I am writing today since I hope many of you will enjoy a long July 4th holiday weekend.


Tomorrow, we will celebrate July 4, America’s 248th anniversary of our independence. But did you know, we may be celebrating our independence on the wrong day?


The Second Continental Congress declared American independence on July 2, 1776, even though the final wording of the Declaration of Independence had yet to be approved. That approval came two days later on July 4.


On July 3, 1776, John Adams wrote to his wife, Abigail, that one day earlier, the Continental Congress voted to declare American independence from the British Empire. He wrote, “A Resolution was passed without one dissenting Colony that these united Colonies, are, and of right ought to be free and independent States…” Adams predicted, July 2 would be “celebrated by every generation with parades, speeches, songs, and illuminations (fireworks)."

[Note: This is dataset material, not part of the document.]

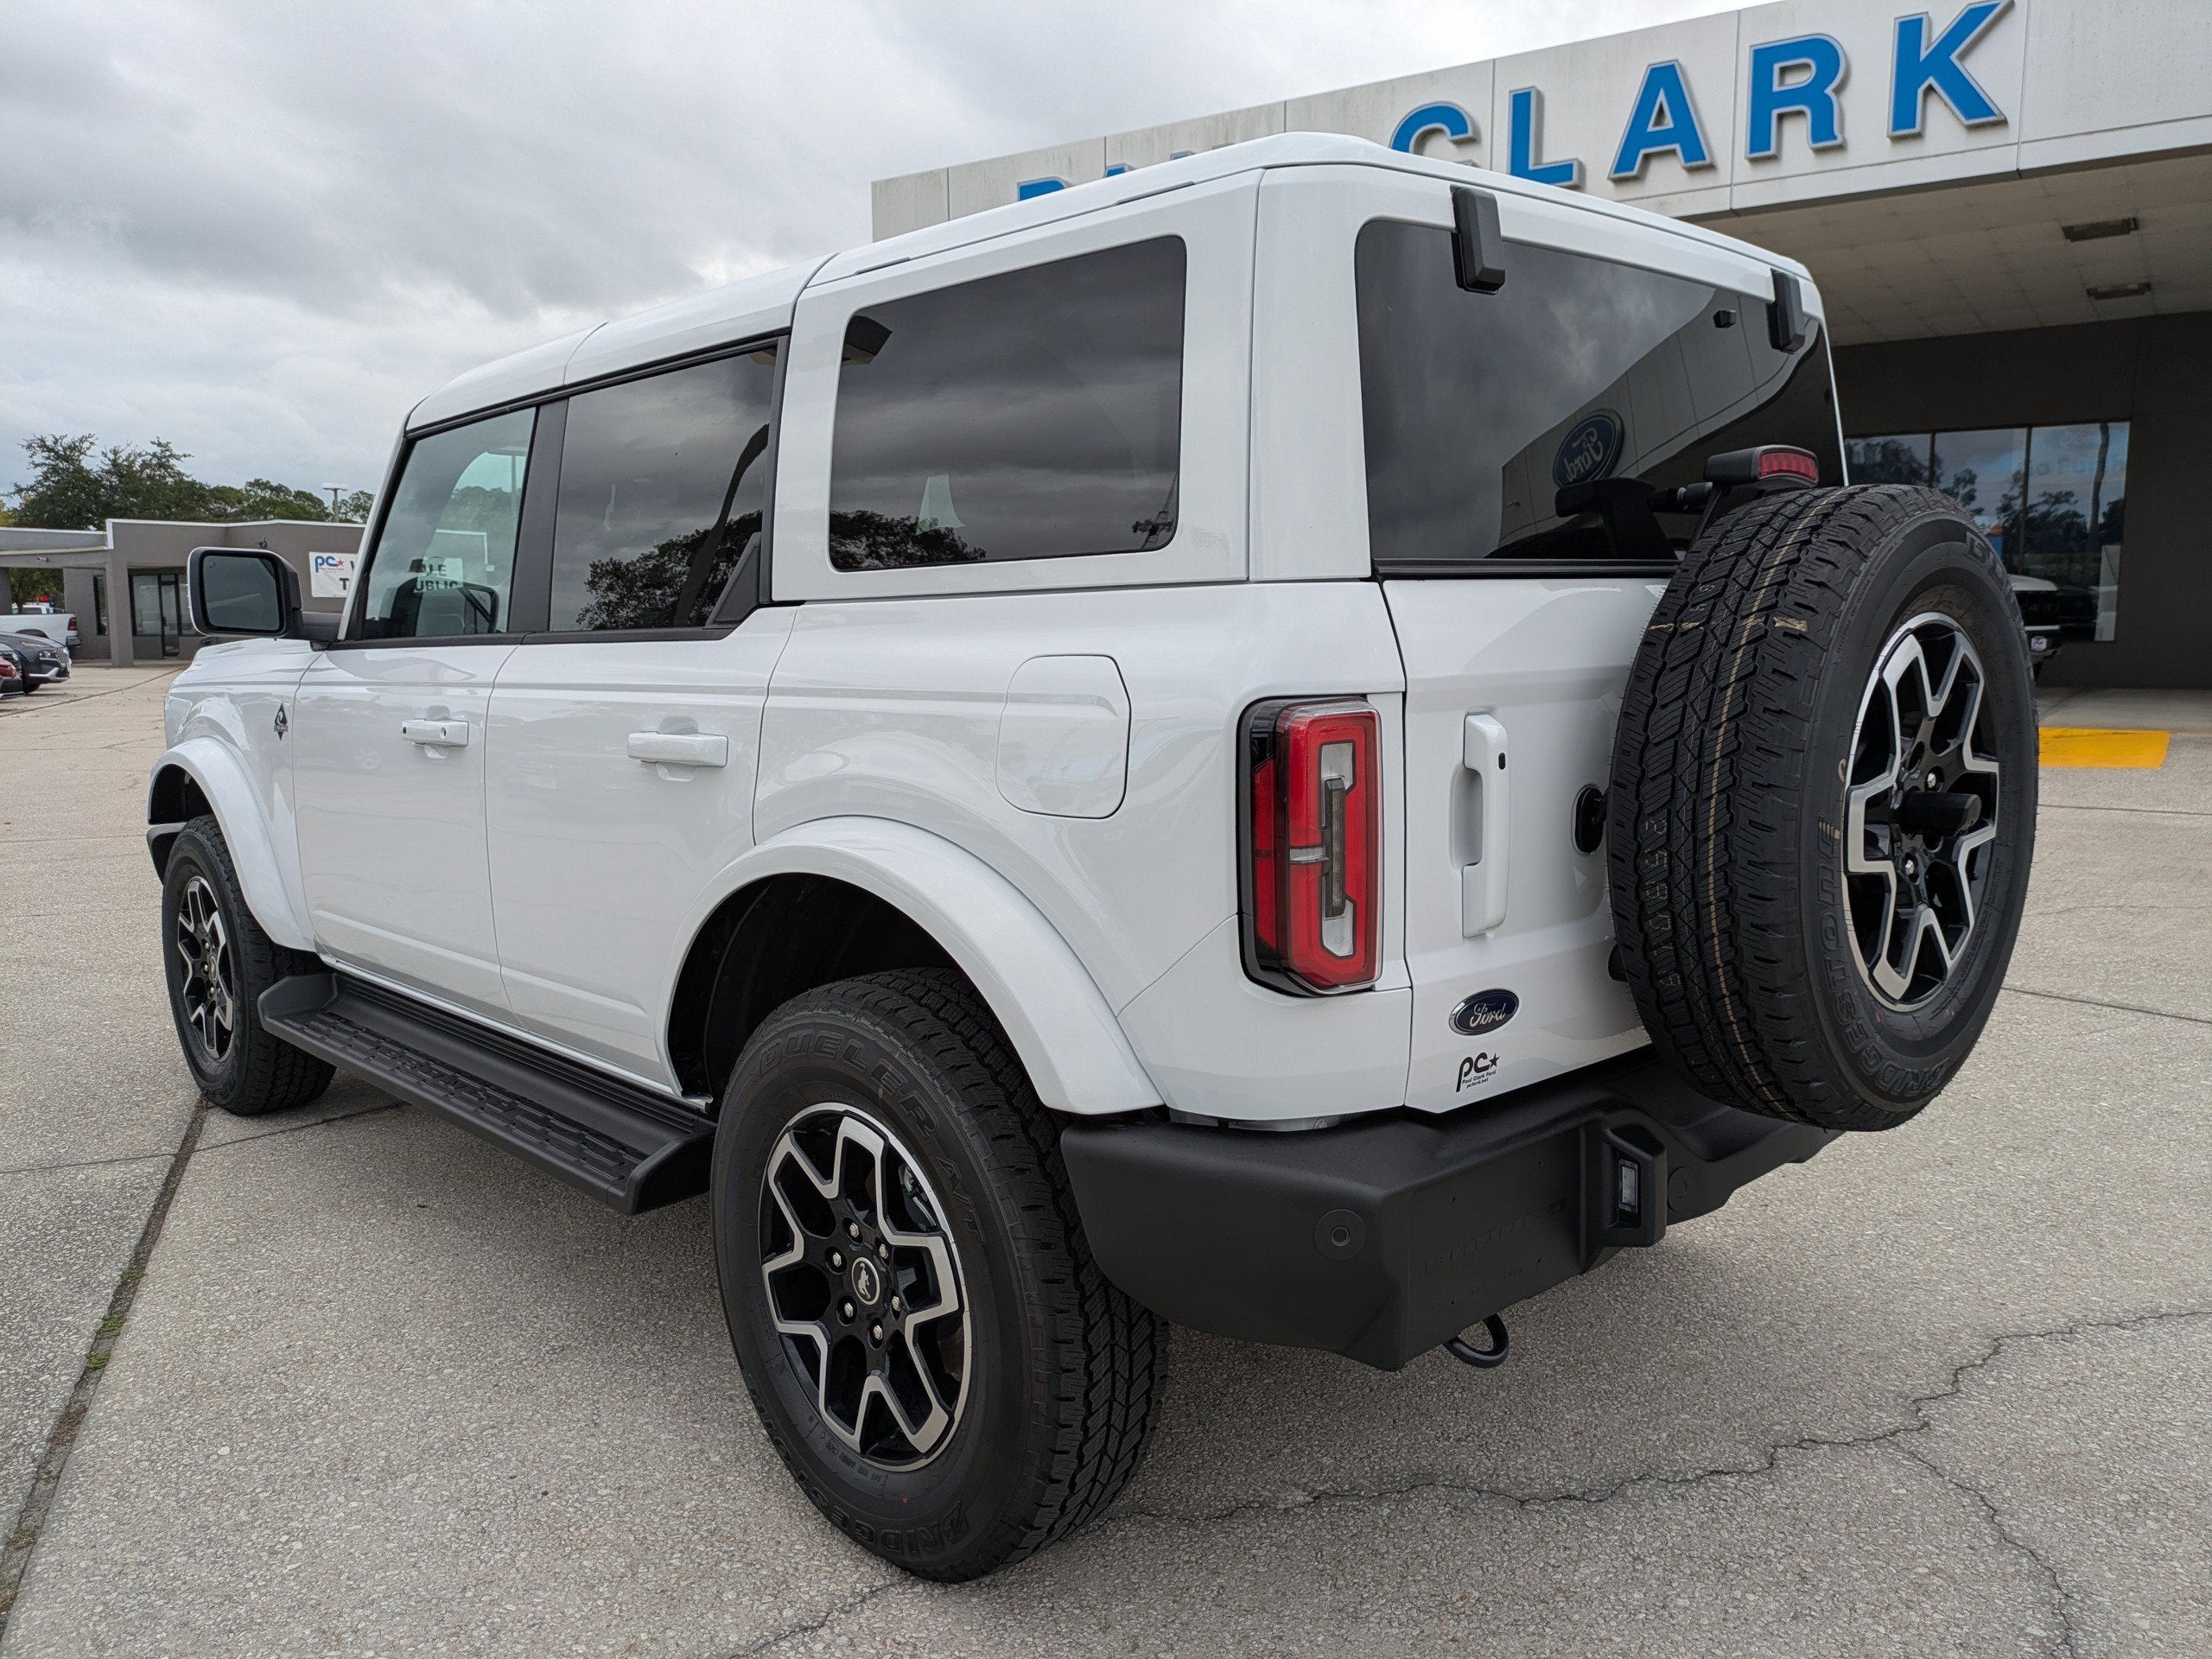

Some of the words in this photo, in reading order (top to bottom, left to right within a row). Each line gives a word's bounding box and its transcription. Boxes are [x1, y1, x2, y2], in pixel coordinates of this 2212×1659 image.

If you have ever been to the U.S. Capitol building, you will see a large painting by John Trumbull called “Declaration of Independence” hanging in the Rotunda. One would think it was for the actual document signing. However, Trumbull’s picture depicts the moment on June 28 when the committee that drafted the declaration presented its work to John Hancock, chair of the Continental Congress.


The Declaration of Independence was not even signed on July 4. Most signed the document in early August, a full month after the Congress declared independence. It took time for the final draft to be “engrossed” – formally hand copied. In fact, (hey kids...) without texting, email, or even fax machines, Great Britain did not receive the declaration until November 1776.

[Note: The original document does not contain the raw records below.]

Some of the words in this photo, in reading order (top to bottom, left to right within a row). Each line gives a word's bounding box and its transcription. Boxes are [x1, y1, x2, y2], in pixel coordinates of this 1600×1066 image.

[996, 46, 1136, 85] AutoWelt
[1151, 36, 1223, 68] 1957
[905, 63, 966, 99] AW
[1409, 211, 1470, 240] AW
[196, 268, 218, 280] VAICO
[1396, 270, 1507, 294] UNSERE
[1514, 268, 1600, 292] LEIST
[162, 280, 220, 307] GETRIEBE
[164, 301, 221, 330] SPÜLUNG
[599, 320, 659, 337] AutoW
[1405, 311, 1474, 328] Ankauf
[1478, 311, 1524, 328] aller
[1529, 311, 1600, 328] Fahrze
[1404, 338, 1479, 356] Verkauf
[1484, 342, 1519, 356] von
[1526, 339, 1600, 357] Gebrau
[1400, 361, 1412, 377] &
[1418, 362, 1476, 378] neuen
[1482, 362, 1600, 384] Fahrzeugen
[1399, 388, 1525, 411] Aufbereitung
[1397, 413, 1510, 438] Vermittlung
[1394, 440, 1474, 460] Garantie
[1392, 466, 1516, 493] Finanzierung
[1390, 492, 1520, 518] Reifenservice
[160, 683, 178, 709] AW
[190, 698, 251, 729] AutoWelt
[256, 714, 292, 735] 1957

We celebrate our independence on July 4 because that is the day the actual Declaration of Independence document was approved and adopted -- even though the official vote took place two days earlier. In fact, after approval, the declaration was then sent to the printer, John Dunlap, who then put the July 4 date on the top of the document, copies of which were distributed throughout the colonies and beyond. Therefore, that became the date recognized as the anniversary of American independence, even though nothing of historical significance actually happened on that day.

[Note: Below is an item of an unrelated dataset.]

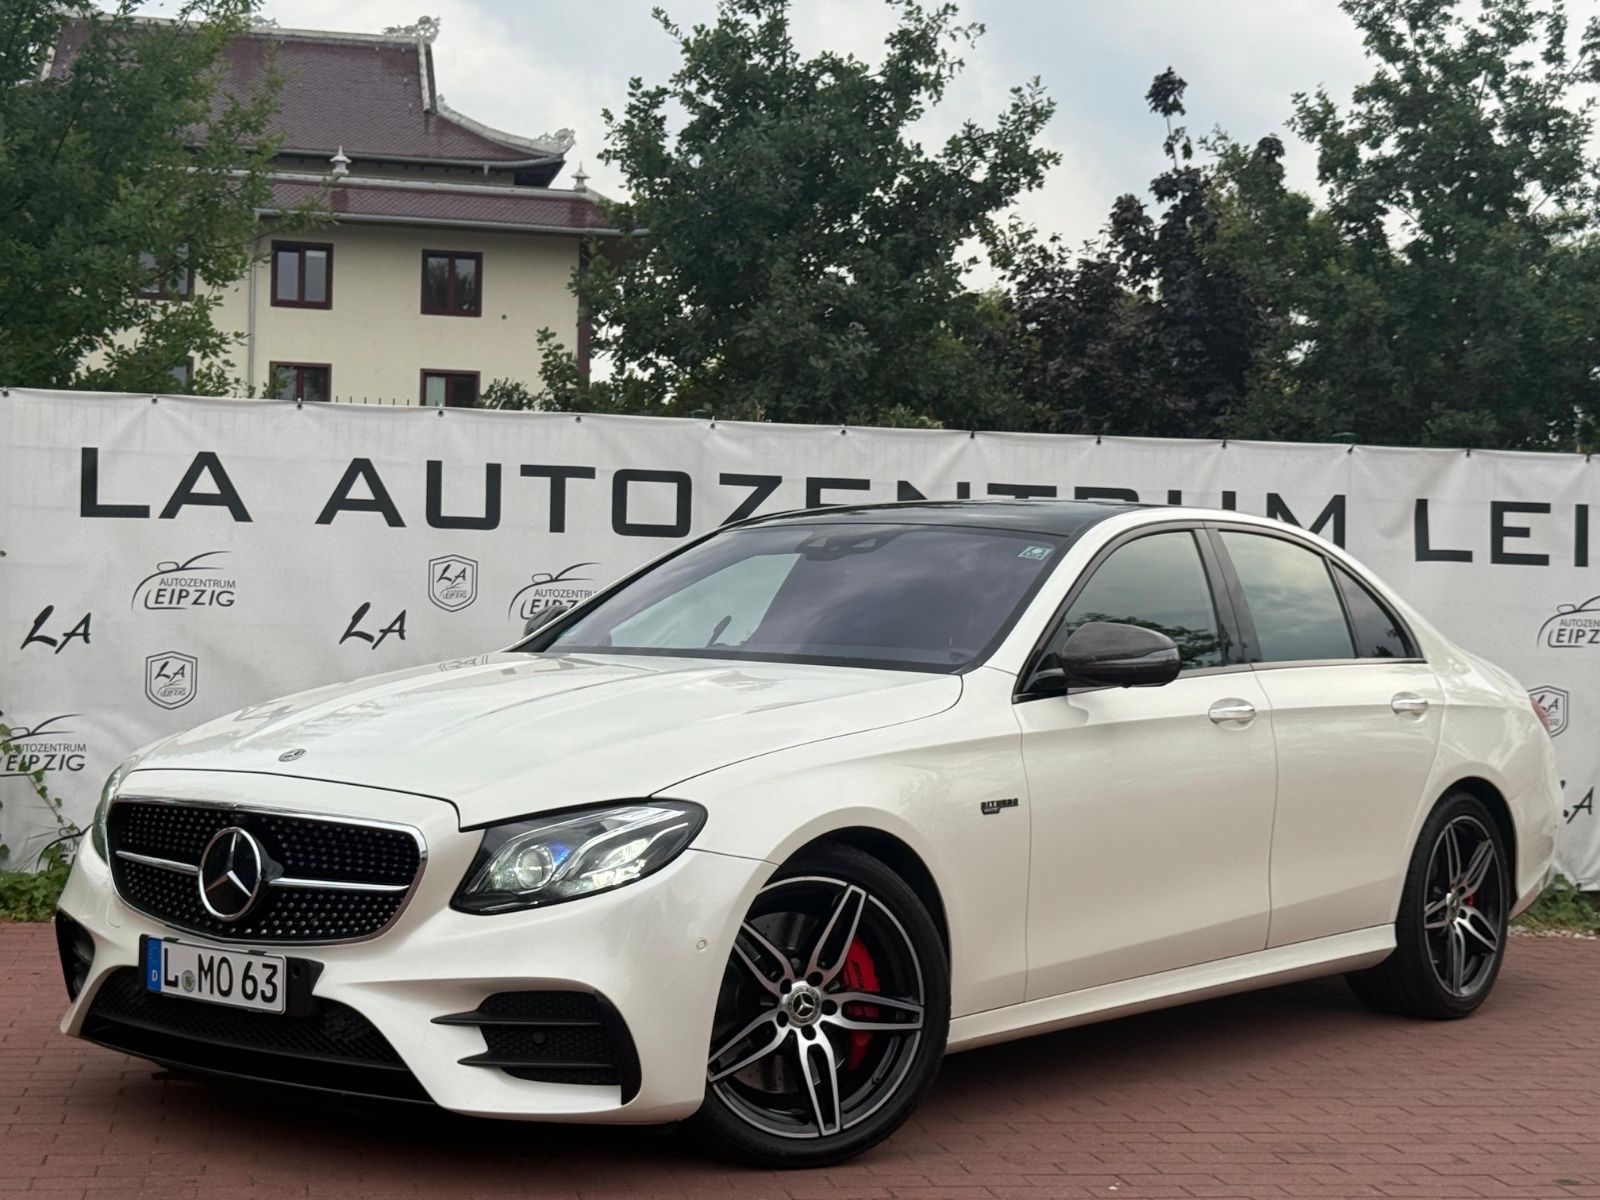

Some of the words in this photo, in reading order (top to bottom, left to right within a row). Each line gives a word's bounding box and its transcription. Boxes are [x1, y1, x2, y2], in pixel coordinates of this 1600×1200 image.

Thus, Adams’ idea of July 2 makes sense. That was the day independence was officially decided and declared.


Interestingly, Congress did not declare July 4 a national holiday until 1870, almost 100 years later. (That same bill also recognized Christmas as a national holiday.)


The signing of the Declaration of Independence was also an important statement for Jews. The United States of America became the first country in modern history to give Jewish men full citizenship. (Women were left out at that time as they were in the country “at-large.”)


The Declaration of Independence set a vision and a hope for a new country. Even after 248 years, the United States is still a work in progress. We are fortunate to live in an incredible country that continues to offer hope and an ideal towards which we can strive.


Best wishes for a safe and celebratory July 4th holiday and an early Shabbat shalom.